Attorney General of Florida — Opinion
Mar 1, 1979
79-18 (Ops. Fla. Atty. Gen. Mar. 1, 1979)

Opinion

March 1, 1979

Counties, bank loans


Murray W. Overstreet, Jr. Osceola County Attorney Kissimmee

QUESTION:

May a board of county commissioners borrow money from a bank payable over a 3-year period for the purpose of making improvements to county roads?

SUMMARY:

The Osceola County Commission may borrow money from a local bank for the purpose of improvements to county roads, to be repaid over a 3-year period, providing no mortgage on county property is required and money used for repayment is derived from uncommitted county funds and non-ad valorem tax revenue. Taxing credit of a county cannot be pledged without an approving vote by electors affected. It is understood that the roads to be improved are in platted subdivisions with the county holding title to the rights-of-way in fee simple, or with the county having a right-of-way easement for county road purposes.

It is my understanding from your letter and from other communications with you that the Board of County Commissioners of Osceola County proposes to borrow money from a local bank for the sole purpose of making improvements to public roads in certain platted subdivisions. The principal is to be repaid with interest over a 3-year period of time.
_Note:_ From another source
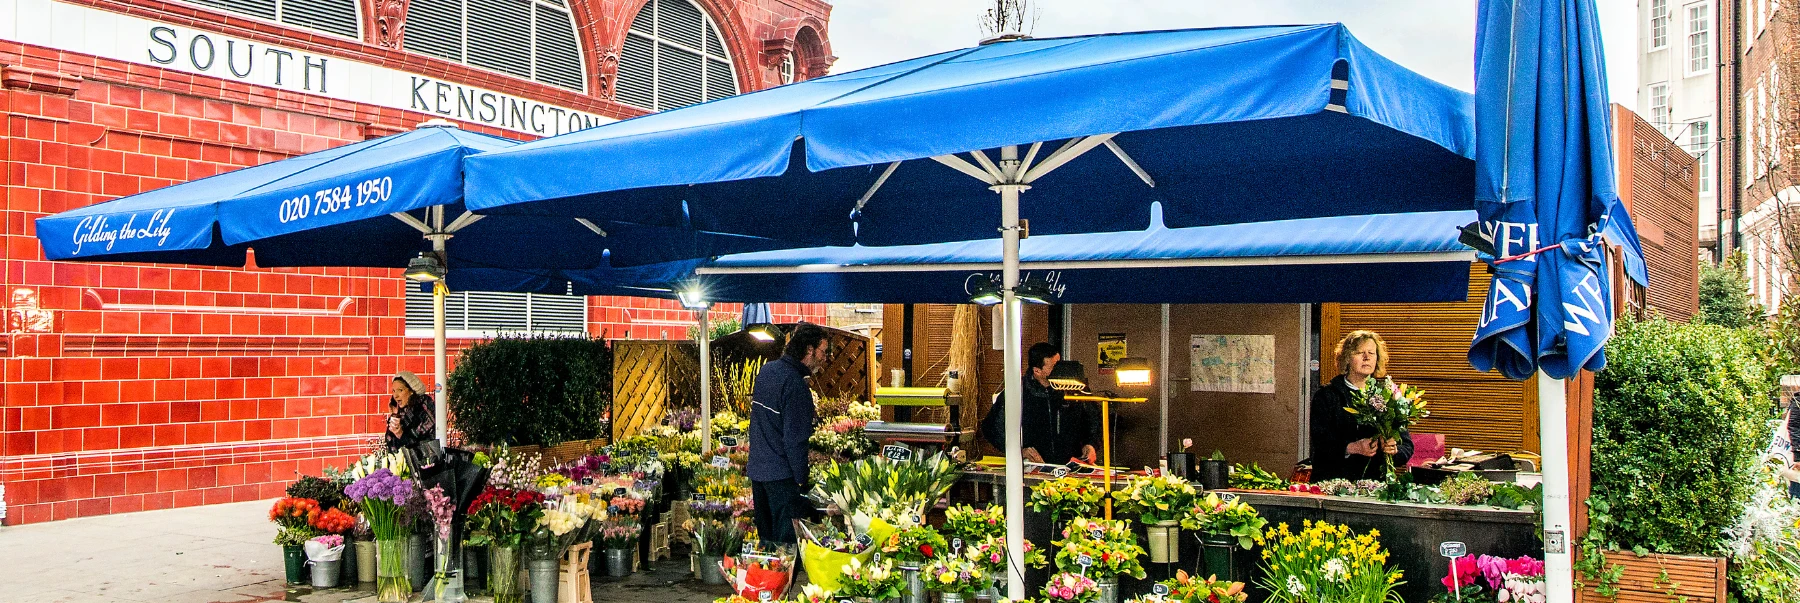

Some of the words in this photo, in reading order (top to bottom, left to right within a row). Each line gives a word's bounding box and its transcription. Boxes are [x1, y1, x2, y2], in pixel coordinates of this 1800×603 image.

You state that these roads are public roads with the county holding title to the rights-of-way in fee simple or with the county having a right-of-way easement for county road purposes.

Given this set of facts, and subject to the qualifications discussed in this opinion, your question is answered in the affirmative.

Section 125.01(1), F. S., in pertinent part provides:

(1) The legislative and governing body of a county shall have the power to carry on county government. To the extent not inconsistent with general or special law, this power shall include, but shall not be restricted to, the power to:

(m) Provide and regulate arterial, toll, and other roads. . . .

(r) Levy and collect taxes, both for county purposes and for the providing of municipal services within any municipal service taxing unit, and special assessments, borrow and expend money, and issue bonds, revenue certificates, and other obligations of indebtedness, which power shall be exercised in such manner, and subject to such limitations, as may be provided by general law. . . . (Emphasis supplied.)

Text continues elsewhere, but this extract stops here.